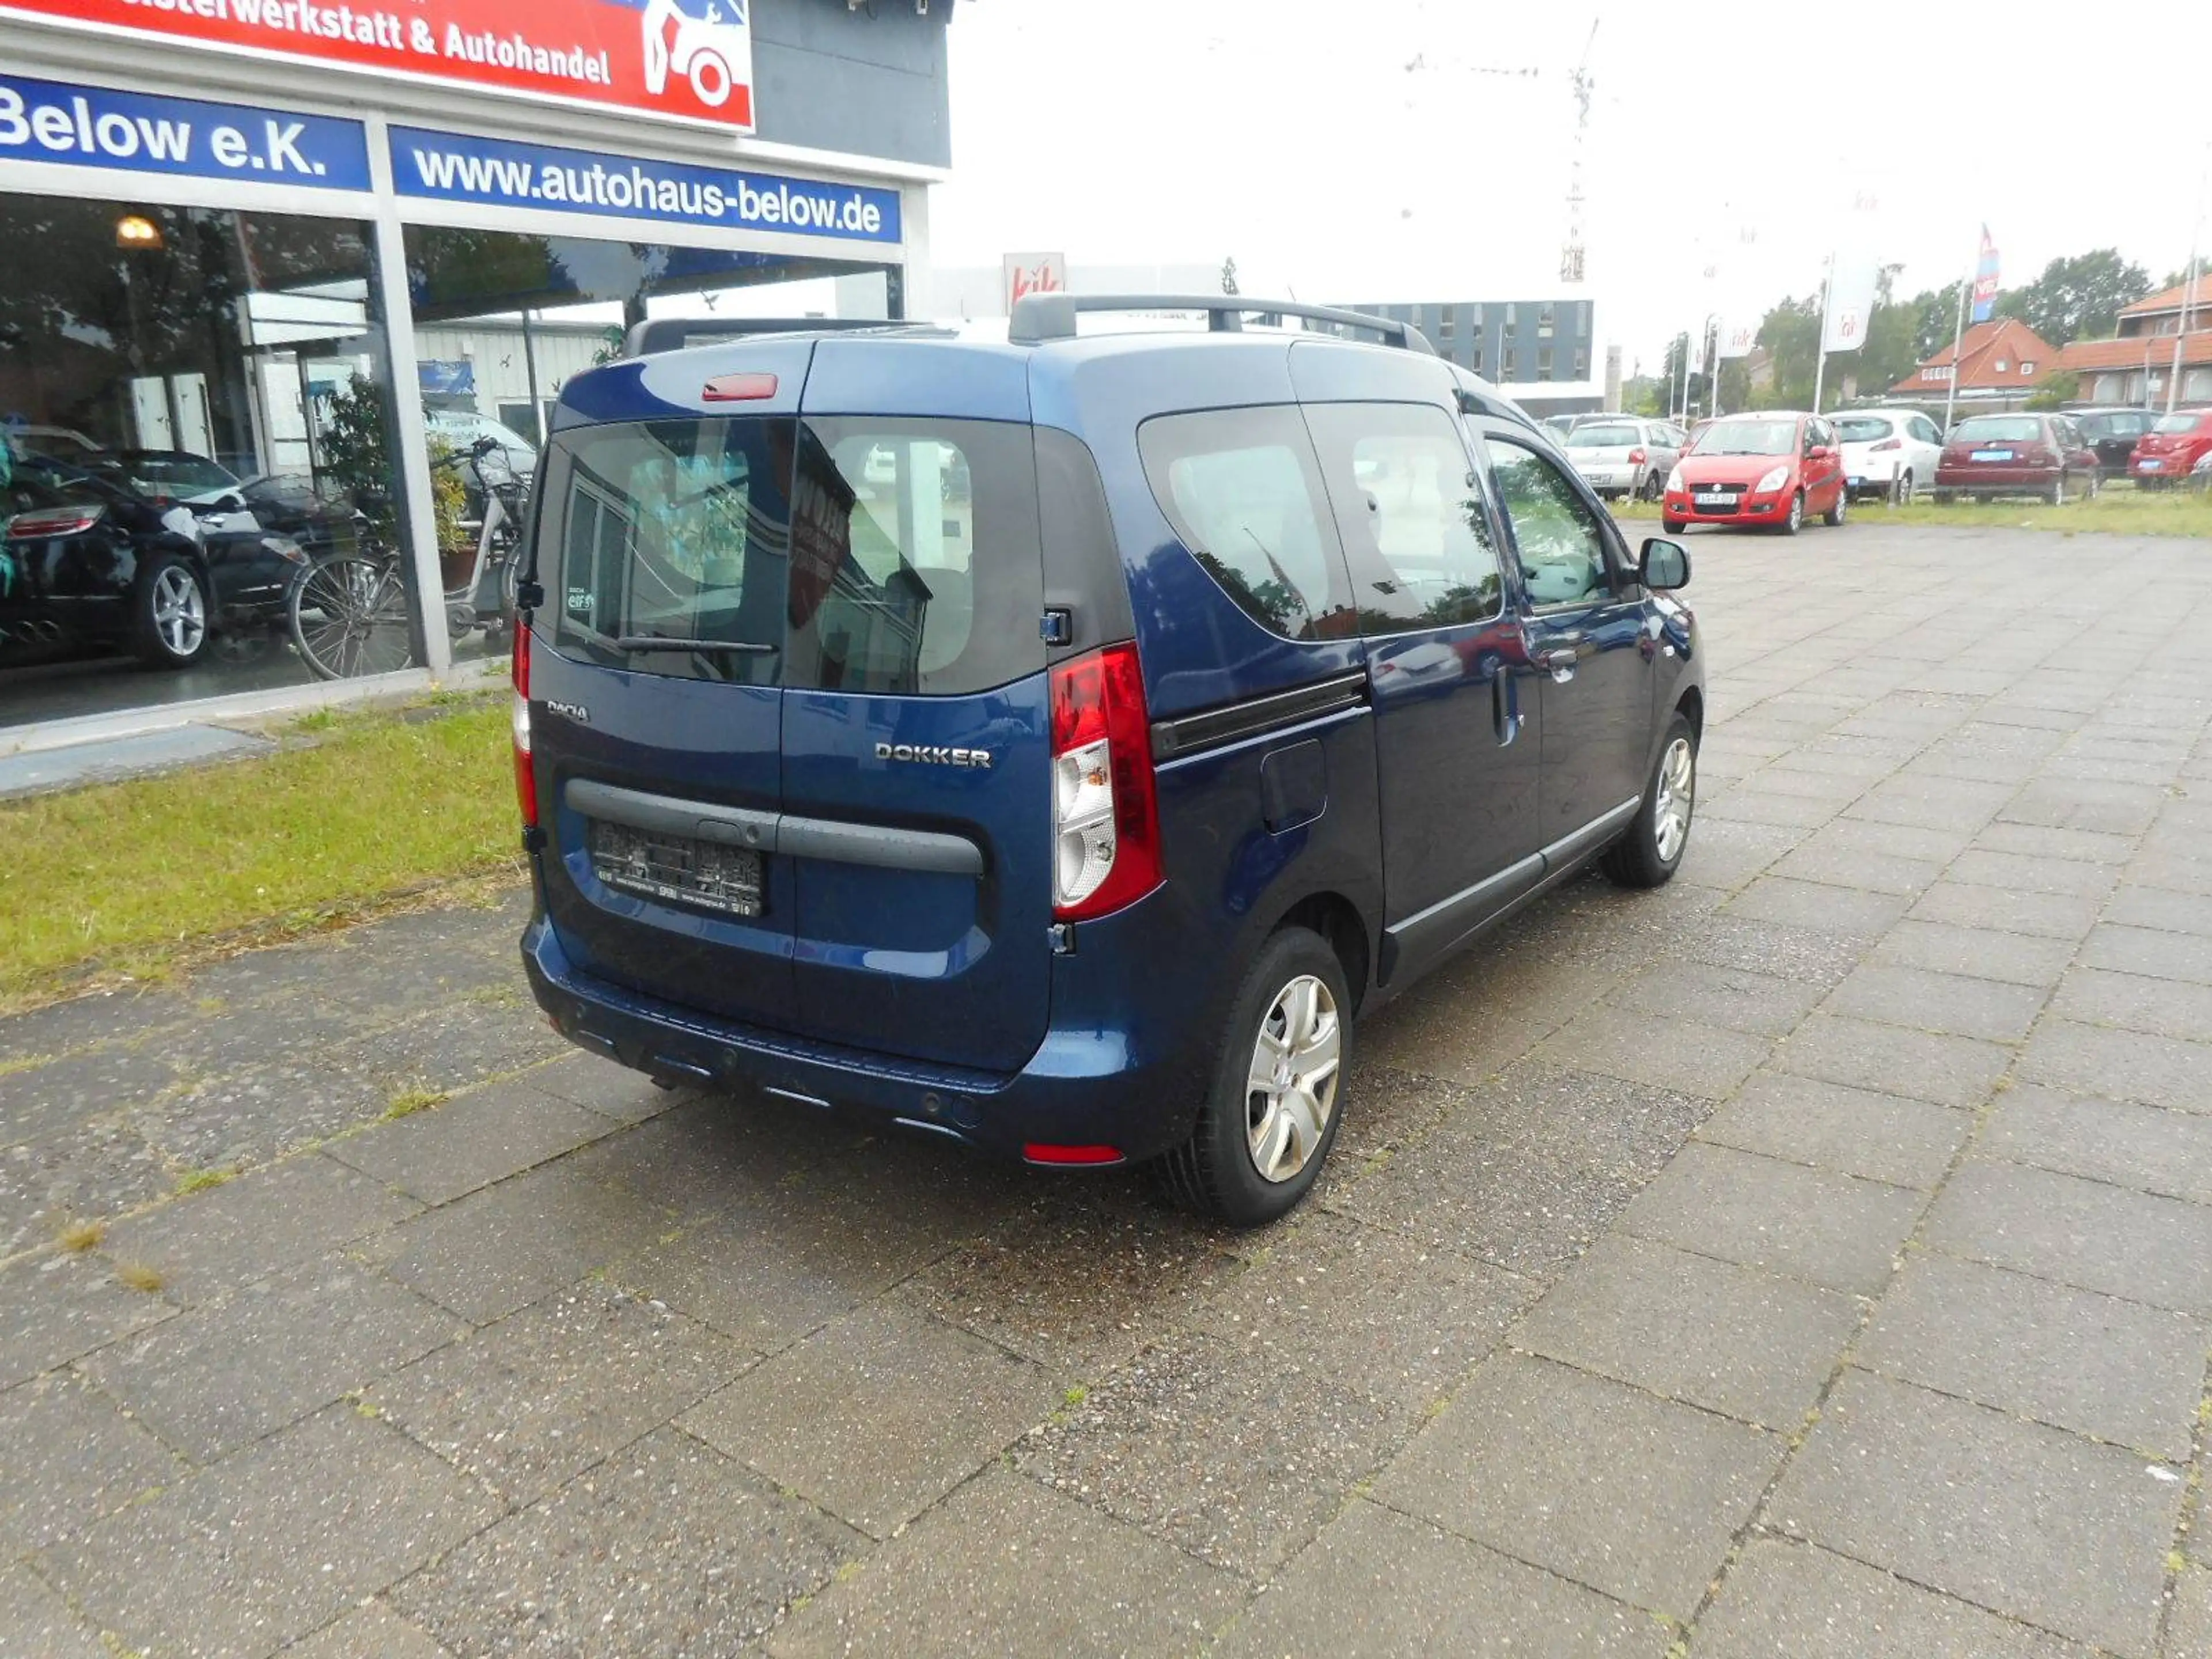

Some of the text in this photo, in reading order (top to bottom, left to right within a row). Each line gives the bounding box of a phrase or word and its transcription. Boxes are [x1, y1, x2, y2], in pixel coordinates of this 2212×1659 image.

[410, 17, 437, 55] &
[445, 22, 611, 85] Autohandel
[0, 86, 326, 176] Below e.K.
[414, 148, 881, 233] www.autohaus-below.de
[547, 700, 588, 718] DACIA
[875, 742, 992, 768] DOKKER
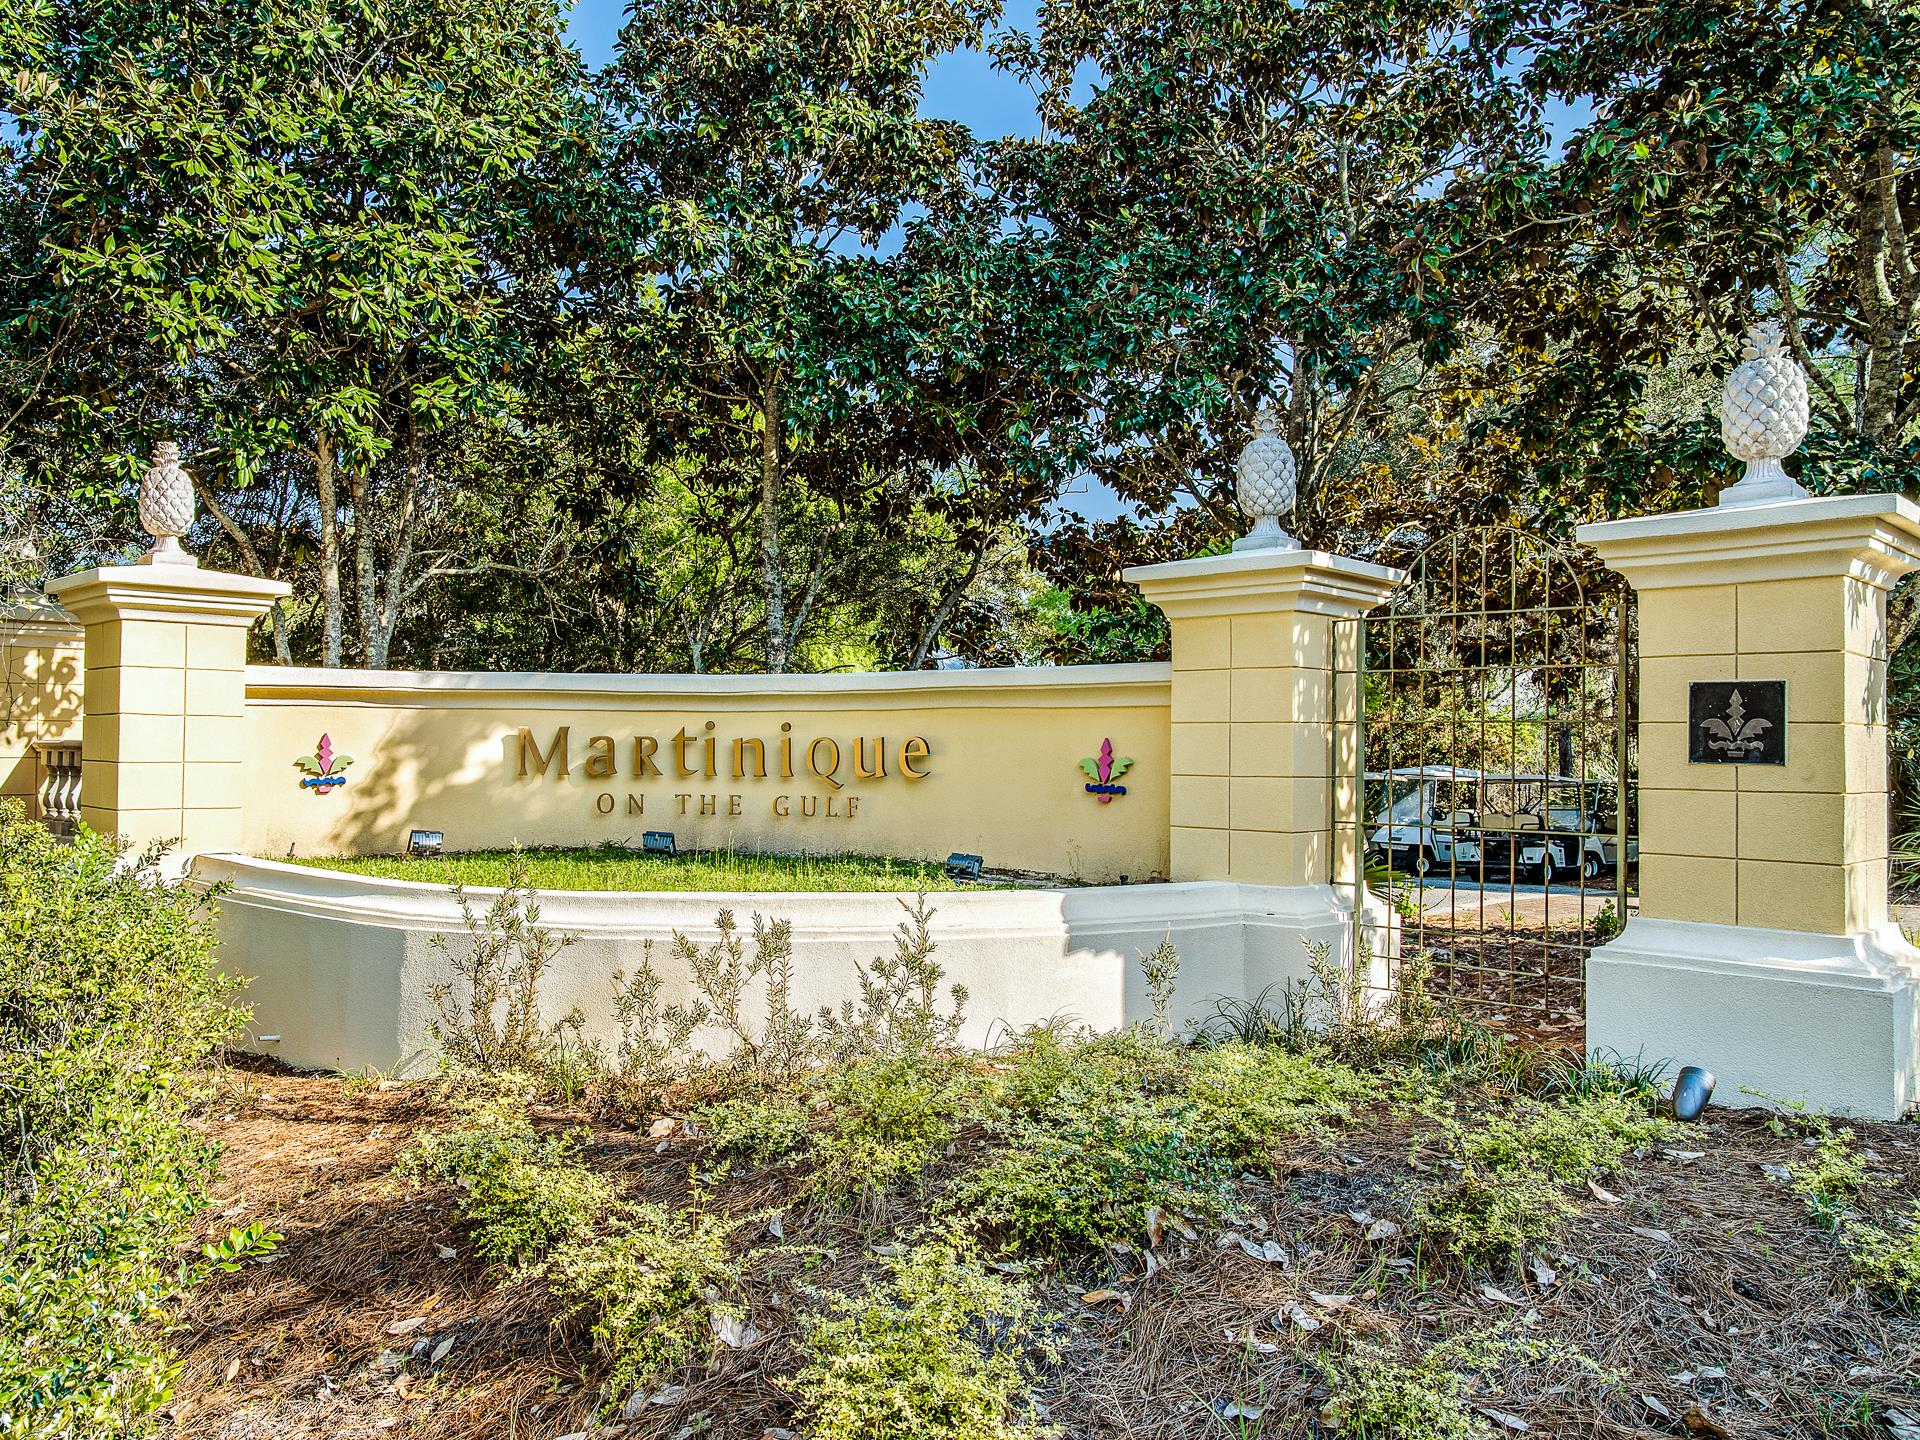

#### [WHAT IS EXPECTED]
Copy each record exactly. Leave any images out of the copy.

#### [OUTPUT FOR THIS TASK]
Some of the text in this photo, in reading order (top to bottom, left to right within a row). Each line gives the bounding box of a phrase or word and its transcription. Boxes are [x1, y1, x2, y2], in pixel coordinates of this 2212×1659 image.

[410, 17, 437, 55] &
[445, 22, 611, 85] Autohandel
[0, 86, 326, 176] Below e.K.
[414, 148, 881, 233] www.autohaus-below.de
[547, 700, 588, 718] DACIA
[875, 742, 992, 768] DOKKER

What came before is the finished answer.